O sintoma mais aparente desse discurso advém do uso de expressões batidas como “soberania nacional”, “respeito à legalidade”, “intromissão externa” e a mais comum “ataque dos mercantilistas estrangeiros”. É uma situação tragicômica. Não existe inimigo, não existe ameaça concreta, mas a massificação midiática se encarrega de incutir uma crença generalizada de um risco comum a todos os cidadãos.

Há pouco mais de dez dias, o STF estava sob o cerco da suspeição. O vazamento de conversas entre o ministro Alexandre de Moraes, que preside o chamado “inquérito do fim do mundo” (nº 4781), e um assessor, dando conta do direcionamento de investigações e busca de provas, gerou uma sombra de parcialidade no trato daquele processo. A situação estava insustentável, face à memória recente da Lava Jato fulminada pela Vaza Jato.

Frases de efeito usadas por Ministros do STF, à época, para tornar suspeito o então Juiz Sergio Moro voltaram à tona com inevitável toque irônico: “não se pode combater o crime cometendo outro crime”, disse, então, o Min. Gilmar Mendes ao anular a Lava Jato. E a roda do destino, essa debochada, se encarregou de tornar a frase mais atual do que nunca, deixando uma leve impressão de que o mundo não gira, capota.

O temor maior nem era em relação ao que já havia sido divulgado, mas ao que ainda estaria por vir. O Min. Alexandre de Moraes, acuado, mandou apreender o celular do assessor. O STF se fechou em copas e manteve seu tradicional espírito de corpo, apoiando, pelo menos naquele momento, seu membro mais popular.

Eis que, no momento mais delicado da história recente do STF, surge a providencial figura de Elon Musk. Bilionário, dono da Tesla, da Space X e do ex-Twitter (atual X), cara de nerd, jeito de vilão de filmes de 007, ele preenche à risca o perfil do inimigo externo ideal.

Ele não sabe ainda, mas pode ter salvado o STF que tanto quer combater.

Duas ou três bravatas ironizando a condição do Min. Alexandre de Moraes foram suficientes para desencadear uma das maiores mobilizações de provimentos judiciais para calar o bilionário fanfarrão. Não será exagero dizer que o STF foi às últimas consequências, tirando do ar a rede social de maior espectro e abrangência do mundo, aplicando multas a quem quer que ousasse acessar o “X”, e apreendendo o dinheiro até de empresas coligadas. Mero detalhe: ainda é um inquérito sigiloso. Não existe processo. E ninguém sabe os fundamentos de qualquer decisão.

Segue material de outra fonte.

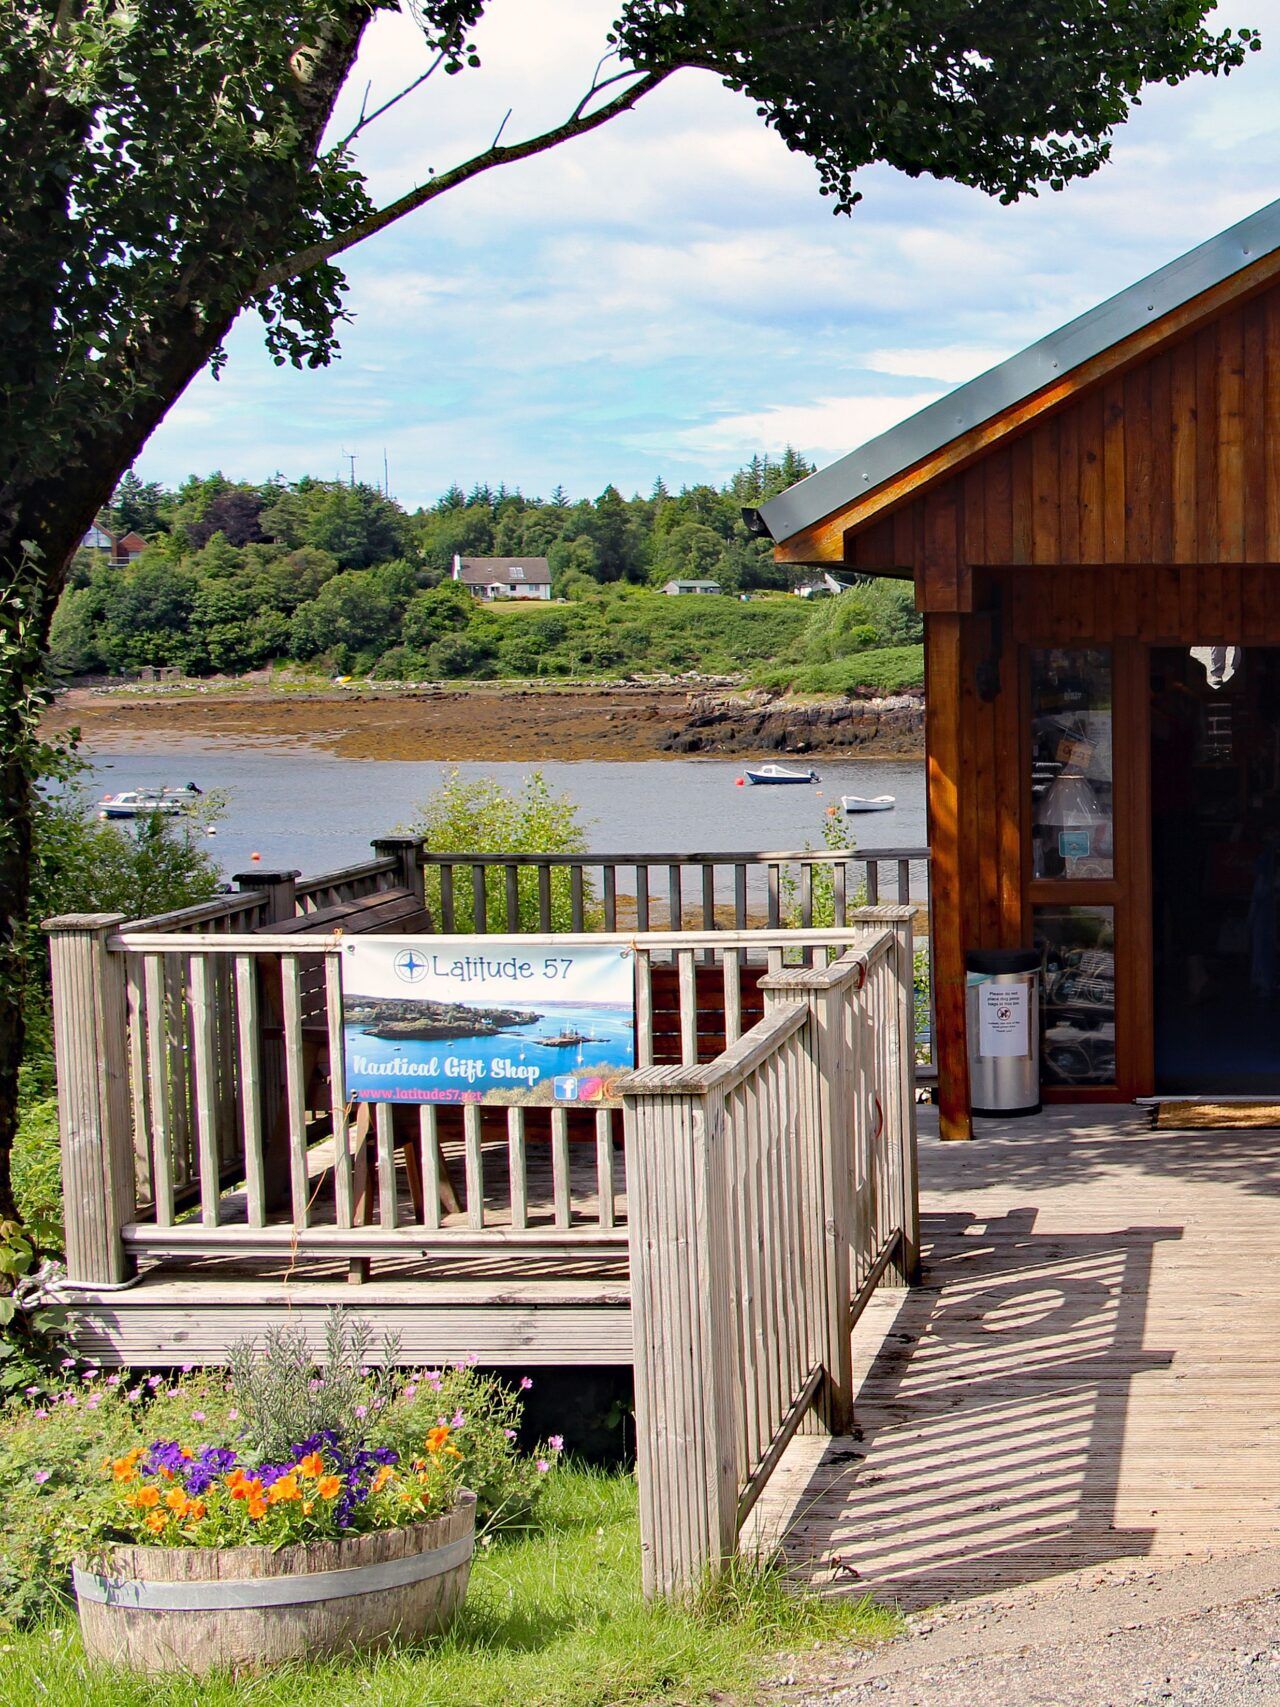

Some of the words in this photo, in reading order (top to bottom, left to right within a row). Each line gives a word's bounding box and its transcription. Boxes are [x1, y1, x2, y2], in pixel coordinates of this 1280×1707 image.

Foi o suficiente para virar o jogo. A mídia acolheu a campanha ufanista do “Brasil é nosso”, apagou o passado recente, e caiu no discurso fácil da defesa da soberania: afinal, as leis precisam ser obedecidas. Mas quais leis? Essa seletividade espanta, quando se está diante de um inquérito que perdura inconclusivo por mais de 5 anos (a lei fala em 30 dias); sem a iniciativa do Ministério Público (a quem a lei atribui a iniciativa investigatória); por distribuição direcionada ao Min. Alexandre (a lei fala em sorteio de relator), dentre diversas outras leis providencialmente esquecidas, mas cuja desobediência anularia qualquer outro inquérito, menos o 4781.

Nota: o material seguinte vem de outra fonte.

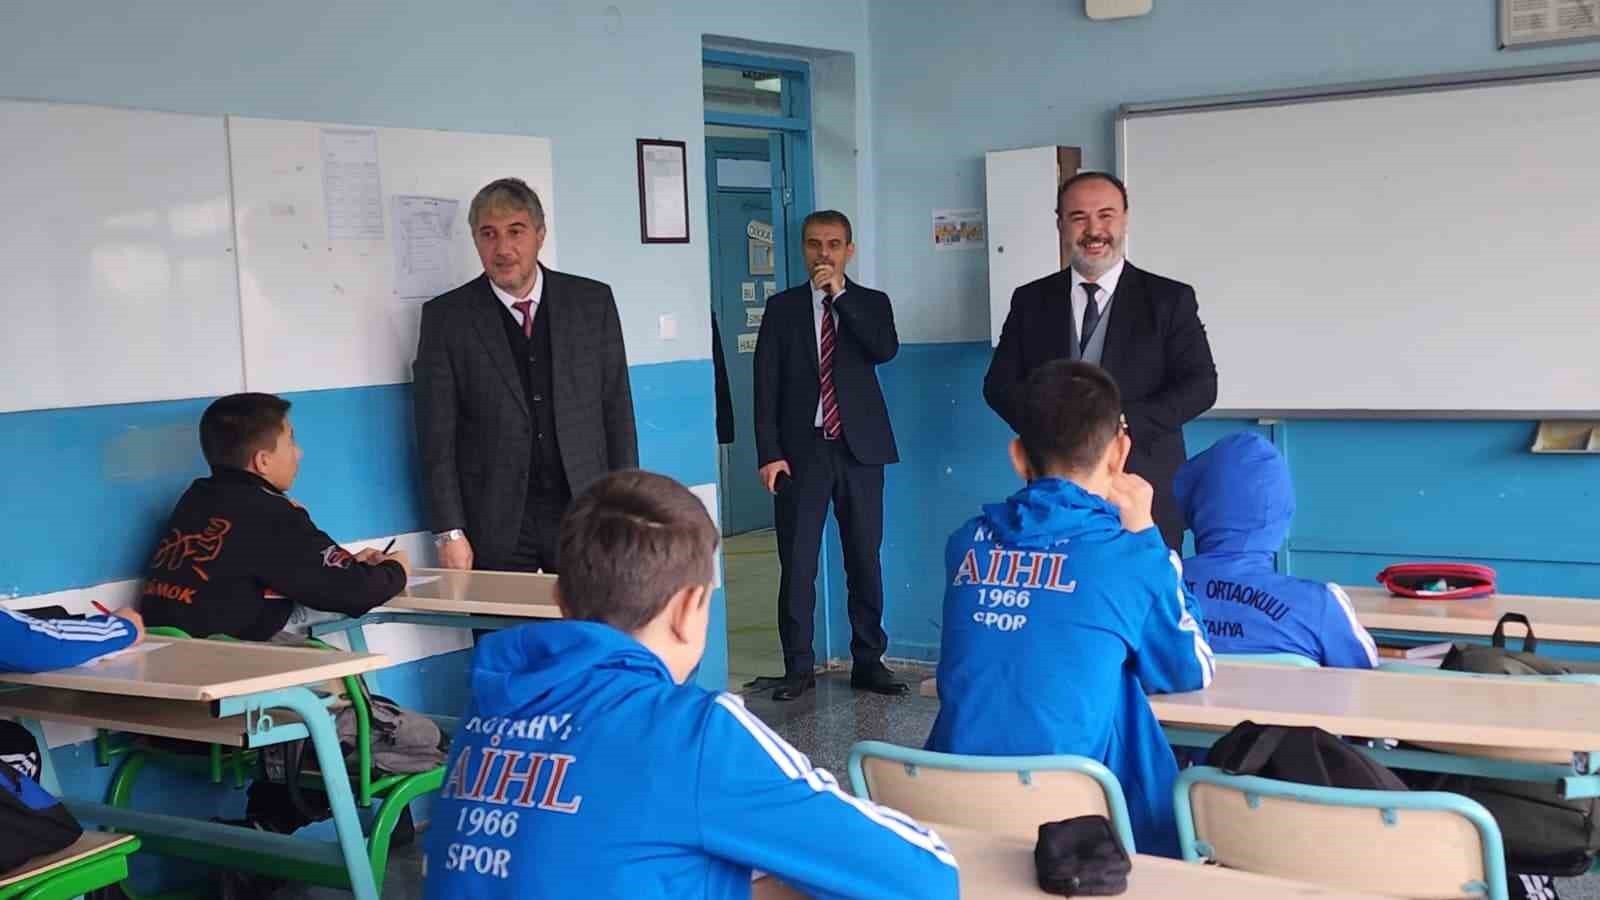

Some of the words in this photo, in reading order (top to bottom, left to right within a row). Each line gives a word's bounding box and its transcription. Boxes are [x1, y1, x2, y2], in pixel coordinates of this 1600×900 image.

[952, 543, 1077, 593] AİHL
[978, 588, 1031, 608] 1966
[1206, 579, 1290, 621] ORTAOKULU
[441, 735, 583, 814] AİHL
[457, 807, 519, 838] 1966
[446, 843, 511, 879] SPOR

Exceto por alguns indícios muito leves de fissuras internas (ressalvas do Min. Fux na 1ª Turma; e a remessa ao plenário, pelo Min. Nunes Marques, das ações do NOVO e da OAB), a tendência será a de manter tudo como está. Mas os debates deixarão claro que o inimigo do STF não é externo, é interno: o próprio inquérito, que se tornou maior que o Tribunal.

Elon Musk salvou o STF, pelo menos por enquanto…


Eduardo de Mello e Souza é advogado, Vice-
Presidente da OAB/SC, Professor UFSC.